# Probably a dead motherboard -- Resolved: definitely RAM



## JohnG (Nov 1, 2019)

PC powers on, nothing at all comes up on the screen. After a minute or so, restarts. Repeats.

Any suggestions? Already substituted a different monitor, different mouse and keyboard. I will next try taking out all the cards, etc.

Setup:

Windows 10
Asrock mobo
SSD boot drive, recently replaced
Computer monitor hooked directly up to motherboard's outputs (no graphics card installed)

Is there a good way to test the mobo that anyone can think of?

Thanks,

John


----------



## Symfoniq (Nov 1, 2019)

A few thoughts:

Some motherboards have an LED screen that can show error codes. Does yours?

Some motherboards have a CMOS reset button on them somewhere. Does yours?

Have you tried removing and re-seating RAM?

Have you tried disconnecting the boot drive (and any other SATA/NVME drives)? If you could just get into the BIOS, that would would be a helpful indicator. I once had an issue with a borked SATA drive that wouldn't allow the motherboard to POST.


----------



## styledelk (Nov 1, 2019)

Unfortunately this can be at least 3 different things:
- Motherboard
- RAM
- CPU
- Cooling or Power

A bad power supply can power on, but quit providing enough power to the motherboard. Or not enough to the video card, if you have that. More often this happens under load, though.

If you have more RAM or another CPU around, swapping those out in a process of elimination is your best bet if there aren't LEDs (and you can't find the guide to the LEDs), since these don't have motherboard speakers built in anymore for tones. Last possibility is a bad video card, but I imagine that's less likely here.


----------



## Mornats (Nov 1, 2019)

Motherboards usually make a beep as part of their diagnostics if they have an issue booting up. Any beeps from yours?


----------



## JohnG (Nov 1, 2019)

styledelk said:


> Unfortunately this can be at least 3 different things:
> - Motherboard
> - RAM
> - CPU
> ...



Thanks for the ideas. Tried this:

1. removed all the RAM;
2. removed sound card;
3. removed PCIe SSD RAID card.

There is no video card.

Same result -- turns on (fans run, everything hums, lights on) then after less than 2 minutes, restarts.
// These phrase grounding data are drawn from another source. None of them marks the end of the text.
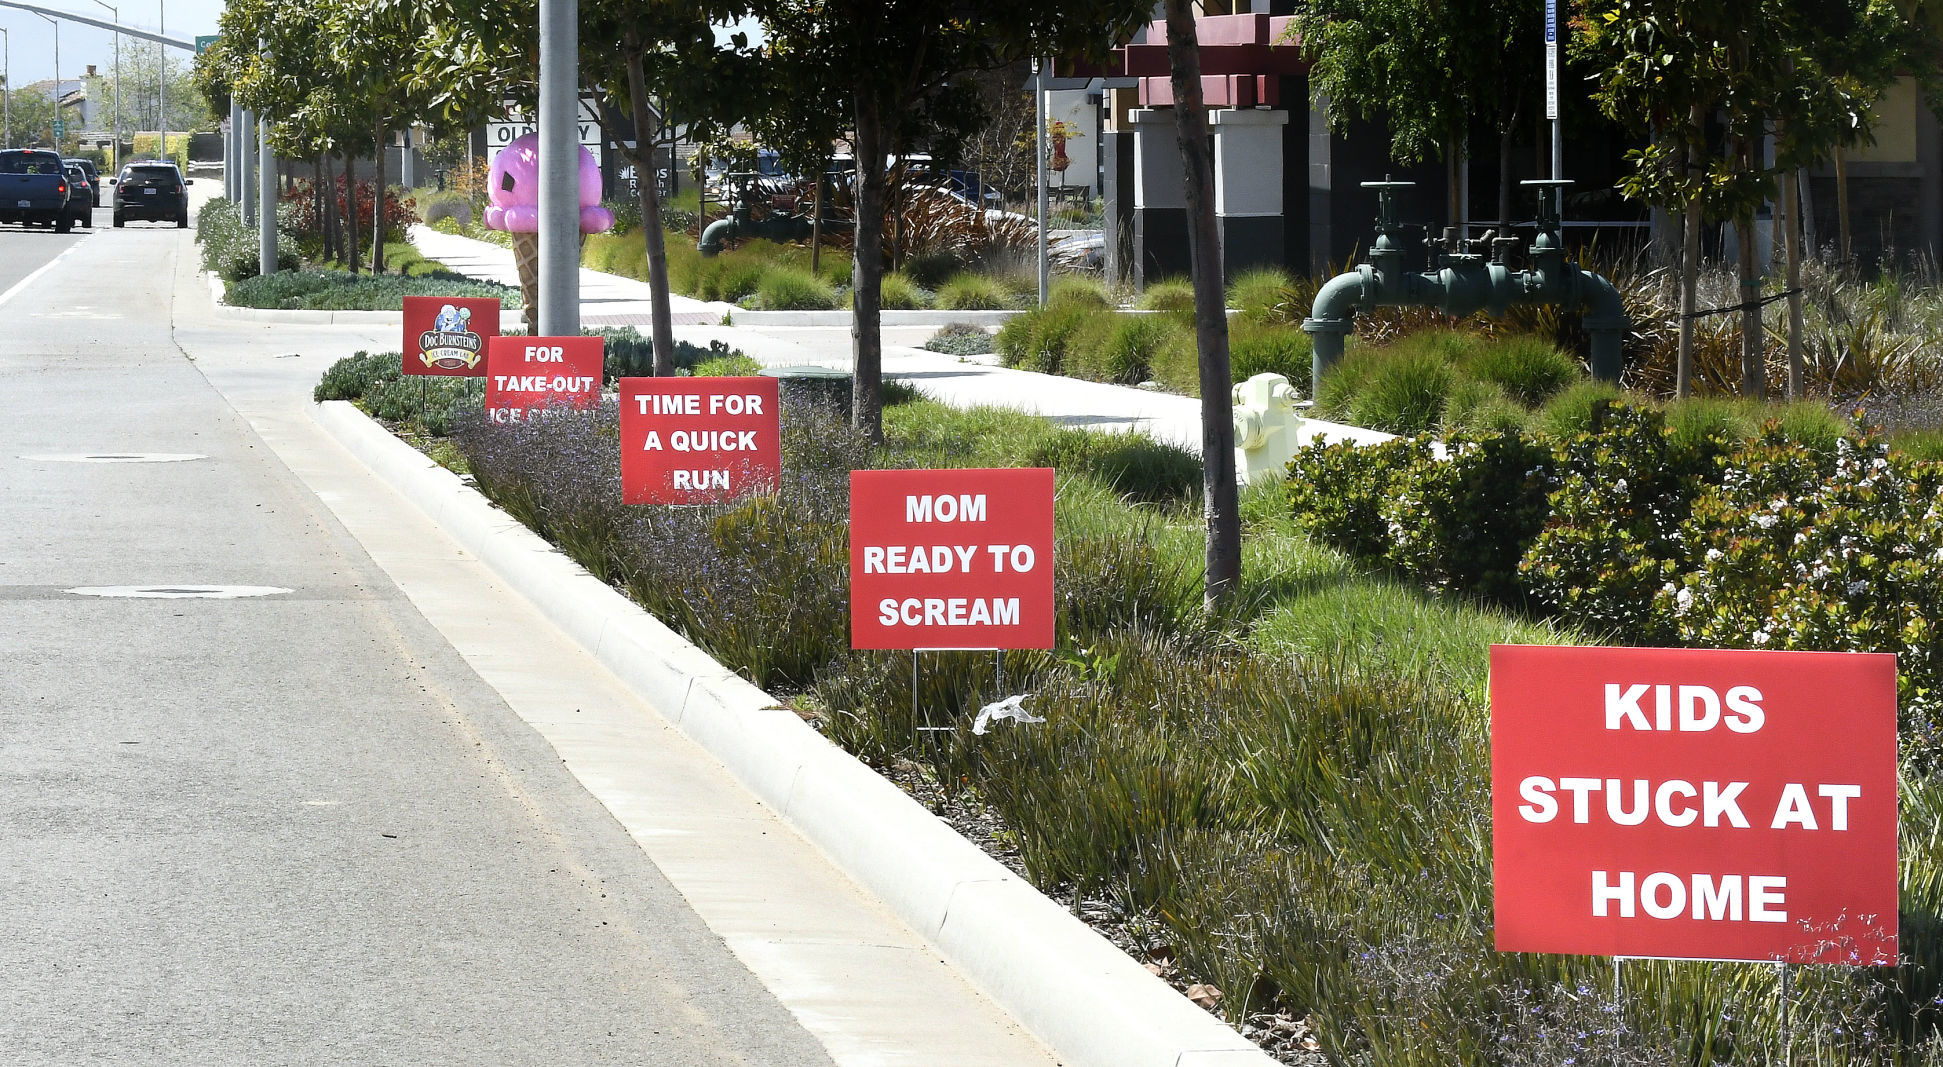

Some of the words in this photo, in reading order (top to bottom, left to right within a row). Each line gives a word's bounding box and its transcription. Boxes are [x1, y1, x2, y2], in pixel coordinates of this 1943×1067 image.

[524, 346, 564, 363] FOR
[494, 375, 594, 393] TAKE-OUT
[489, 407, 522, 424] ICE
[634, 394, 701, 415] TIME
[709, 394, 764, 415] FOR
[643, 430, 663, 451] A
[670, 430, 758, 453] QUICK
[673, 469, 730, 491] RUN
[905, 494, 987, 523] MOM
[863, 545, 978, 574] READY
[988, 544, 1035, 573] TO
[878, 597, 1020, 626] SCREAM
[1604, 683, 1766, 734] KIDS
[1518, 775, 1751, 829] STUCK
[1770, 783, 1861, 832] AT
[1591, 870, 1788, 923] HOME
PSU is Corsair CX 750; not very easy to eliminate this without (as you know) a lot of wangling, but they are pretty reliable.

I also tried swapping out a different boot drive, since about a month ago I replaced the boot drive with an SSD. Same thing.
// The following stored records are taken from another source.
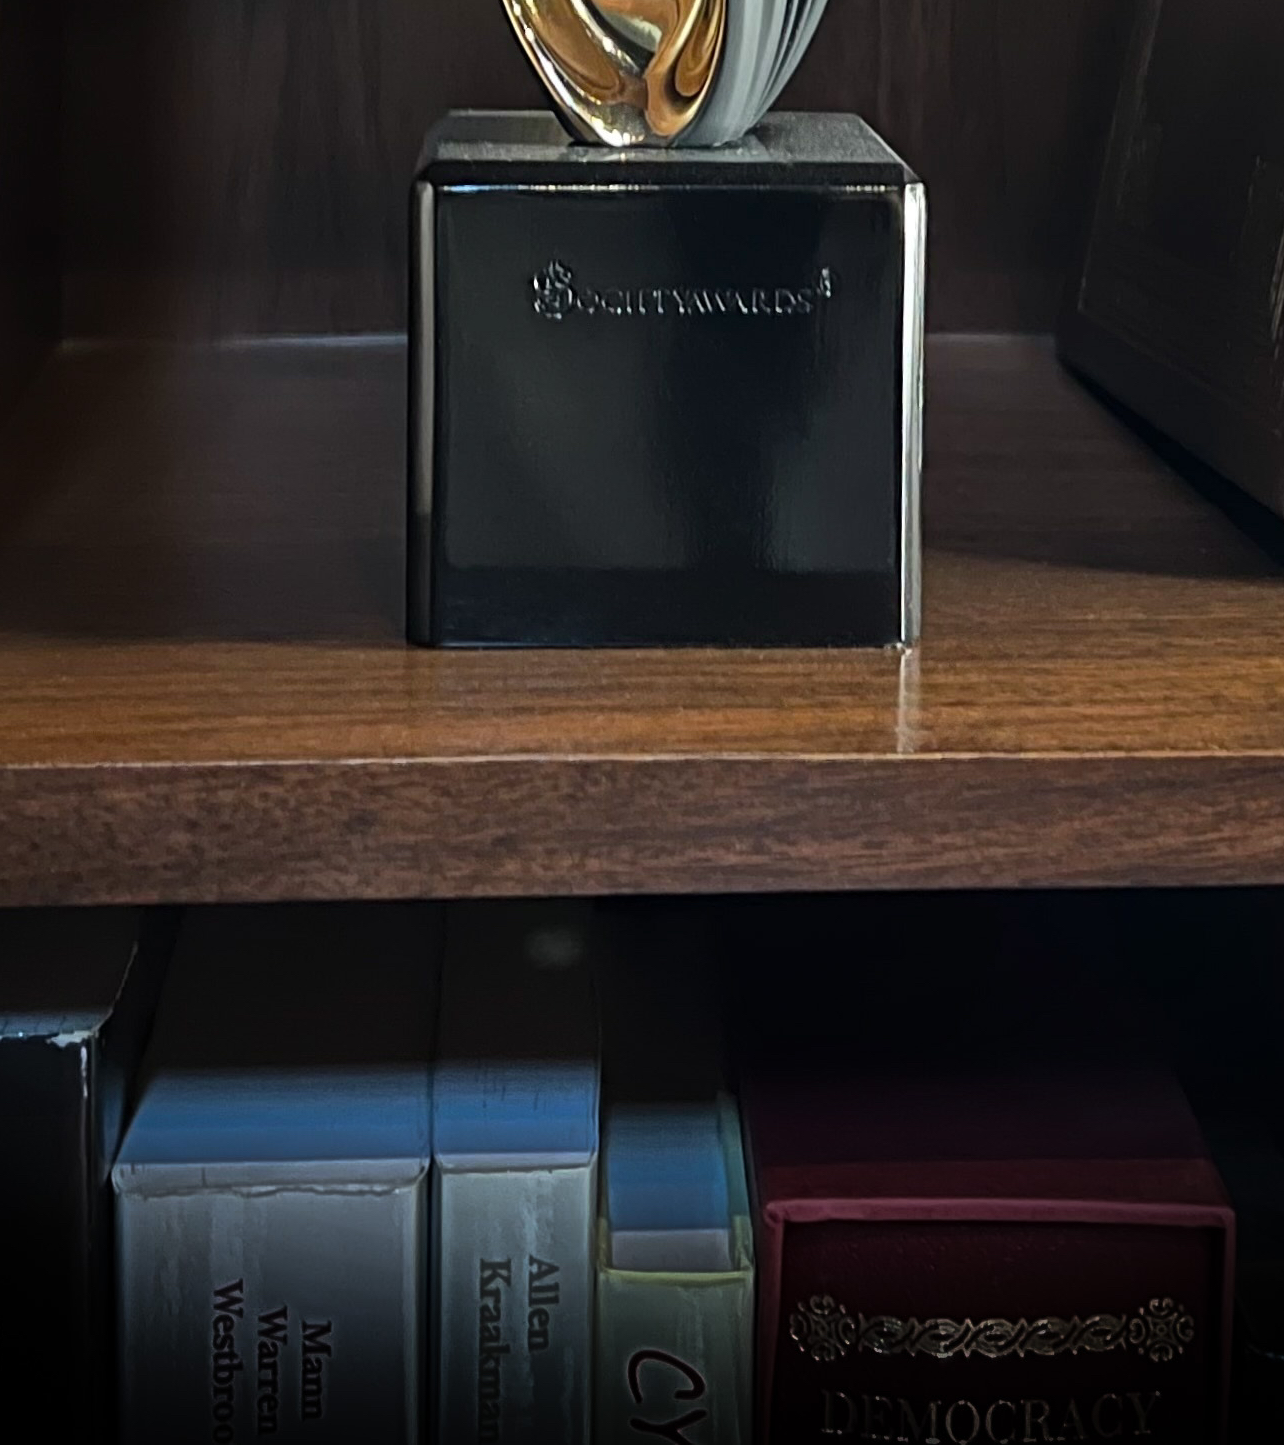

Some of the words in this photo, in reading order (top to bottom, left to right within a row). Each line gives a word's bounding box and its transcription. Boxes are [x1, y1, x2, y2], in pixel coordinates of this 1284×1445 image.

[213, 1278, 245, 1445] Westbroo
[477, 1257, 512, 1444] Kraakman
[527, 1254, 560, 1353] Allen
[257, 1305, 288, 1436] Warren
[301, 1320, 332, 1423] Mann
[819, 1387, 1161, 1445] DEMOCRACY
Haven't tried swapping out the CPU.


----------



## styledelk (Nov 1, 2019)

JohnG said:


> Thanks for the ideas. Tried this:
> 
> 1. removed all the RAM;
> 2. removed sound card;
> ...



Removing the RAM will keep it from booting, but....
How many sticks do you have? Try with 1 stick, rotating through each stick. If one of the sticks is bad, this'll identify which.

If that doesn't change things, we're probably down to just the motherboard or CPU. And you're right-- way harder to test on your own if you don't have an arsenal around.


----------



## JohnG (Nov 1, 2019)

Mornats said:


> Motherboards usually make a beep as part of their diagnostics if they have an issue booting up. Any beeps from yours?



no beeps, alas.


----------



## JohnG (Nov 1, 2019)

excellent news -- tried rebooting with 1 stick of RAM and it did boot all the way into Windows. I will test all the RAM now.


----------



## Daniel (Nov 1, 2019)

You can test replace your VGA Card.


----------



## JohnG (Nov 1, 2019)

By process of elimination it appears that it's just one bad RAM stick. $70 to replace the pair so that's a lot less headache than the alternatives.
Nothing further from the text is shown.